____ Recorded data

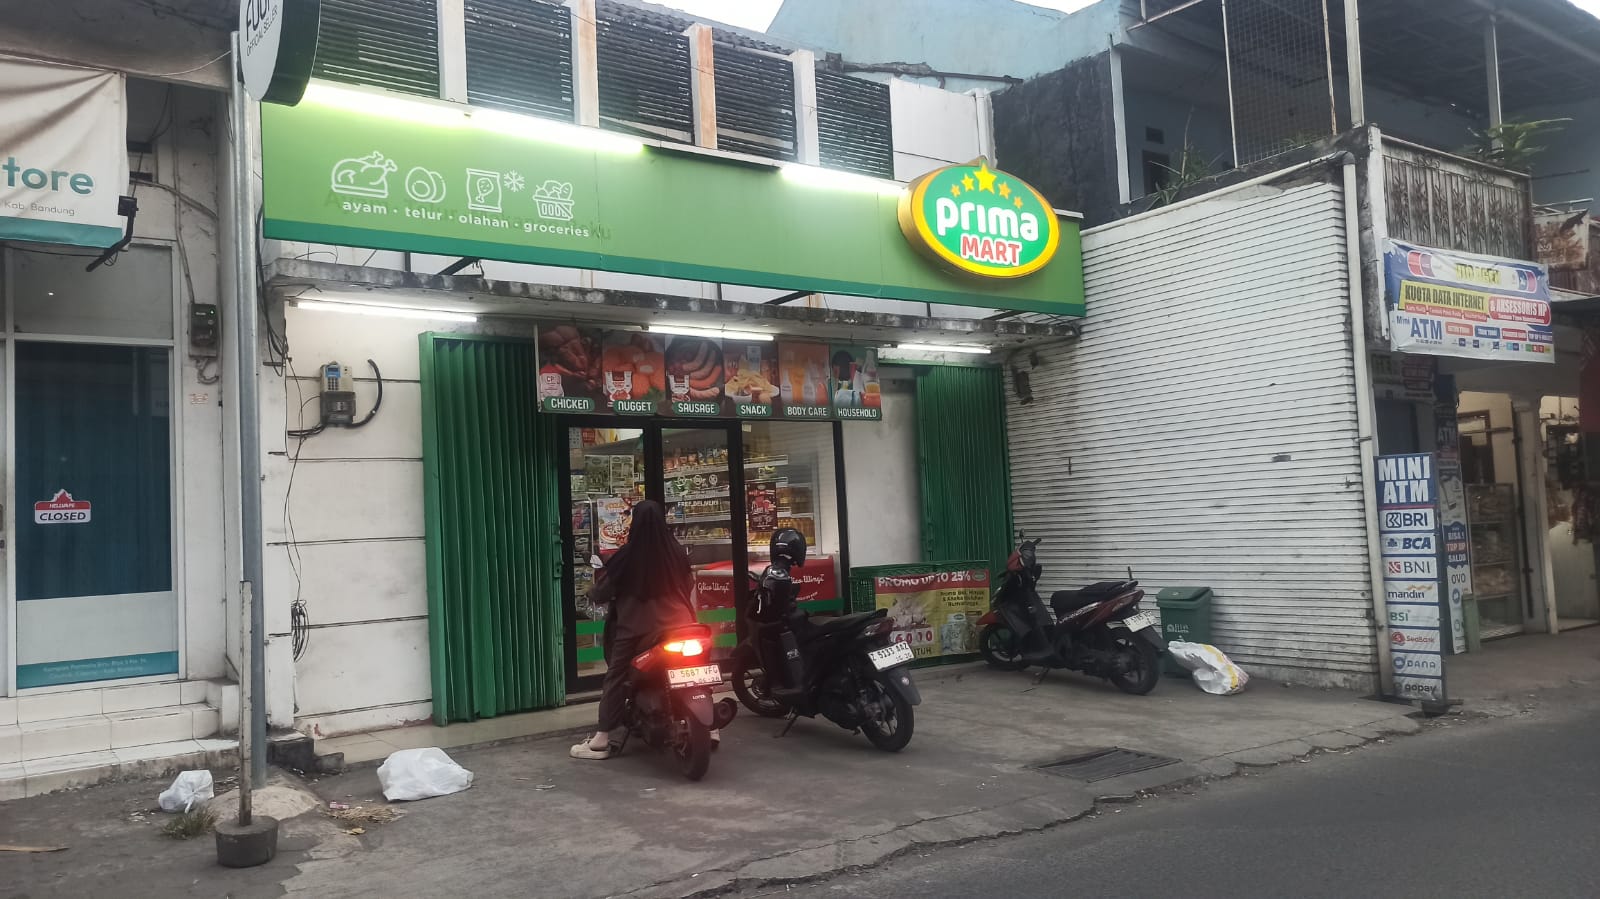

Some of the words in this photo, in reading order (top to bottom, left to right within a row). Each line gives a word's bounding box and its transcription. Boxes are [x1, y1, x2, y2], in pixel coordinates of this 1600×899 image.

[246, 0, 270, 42] FOO
[30, 202, 75, 217] Bandung
[342, 201, 387, 214] ayam
[405, 207, 442, 221] telur
[458, 214, 509, 229] olahan
[523, 222, 590, 237] groceries
[935, 196, 1039, 242] prima
[961, 234, 1021, 265] MART
[1405, 284, 1432, 303] KUOTA
[1433, 288, 1452, 306] DATA
[1452, 292, 1485, 311] INTERNET
[1538, 303, 1547, 317] HP
[1410, 318, 1442, 340] ATM
[551, 398, 589, 410] CHICKEN
[618, 401, 652, 412] NUGGET
[678, 403, 716, 414] SAUSAGE
[740, 404, 767, 415] SNACK
[787, 406, 807, 416] BODY
[808, 406, 828, 417] CARE
[837, 407, 877, 418] HOUSEHOLD
[1378, 455, 1431, 481] MINI
[1383, 480, 1429, 503] ATM
[39, 511, 86, 521] CLOSED
[1403, 512, 1428, 527] BRI
[1402, 537, 1431, 550] BCA
[1404, 561, 1431, 574] BNI
[878, 576, 919, 587] PROMO
[921, 575, 935, 585] UP
[936, 572, 949, 583] TO
[951, 570, 971, 582] 25%
[1451, 573, 1466, 584] OVO
[1387, 590, 1425, 599] mandiri
[1390, 612, 1409, 622] BSI
[1407, 661, 1436, 669] DANA
[1405, 683, 1436, 692] gopay

________

◆ Work required:
Each line above should be returned exactly as written, apart from any pictures.

◆ Answer box:
Some of the words in this photo, in reading order (top to bottom, left to right within a row). Each line gives a word's bounding box and its transcription. Boxes are [x1, y1, x2, y2], in pixel coordinates of this 1600×899 image.

[246, 0, 270, 42] FOO
[30, 202, 75, 217] Bandung
[342, 201, 387, 214] ayam
[405, 207, 442, 221] telur
[458, 214, 509, 229] olahan
[523, 222, 590, 237] groceries
[935, 196, 1039, 242] prima
[961, 234, 1021, 265] MART
[1405, 284, 1432, 303] KUOTA
[1433, 288, 1452, 306] DATA
[1452, 292, 1485, 311] INTERNET
[1538, 303, 1547, 317] HP
[1410, 318, 1442, 340] ATM
[551, 398, 589, 410] CHICKEN
[618, 401, 652, 412] NUGGET
[678, 403, 716, 414] SAUSAGE
[740, 404, 767, 415] SNACK
[787, 406, 807, 416] BODY
[808, 406, 828, 417] CARE
[837, 407, 877, 418] HOUSEHOLD
[1378, 455, 1431, 481] MINI
[1383, 480, 1429, 503] ATM
[39, 511, 86, 521] CLOSED
[1403, 512, 1428, 527] BRI
[1402, 537, 1431, 550] BCA
[1404, 561, 1431, 574] BNI
[878, 576, 919, 587] PROMO
[921, 575, 935, 585] UP
[936, 572, 949, 583] TO
[951, 570, 971, 582] 25%
[1451, 573, 1466, 584] OVO
[1387, 590, 1425, 599] mandiri
[1390, 612, 1409, 622] BSI
[1407, 661, 1436, 669] DANA
[1405, 683, 1436, 692] gopay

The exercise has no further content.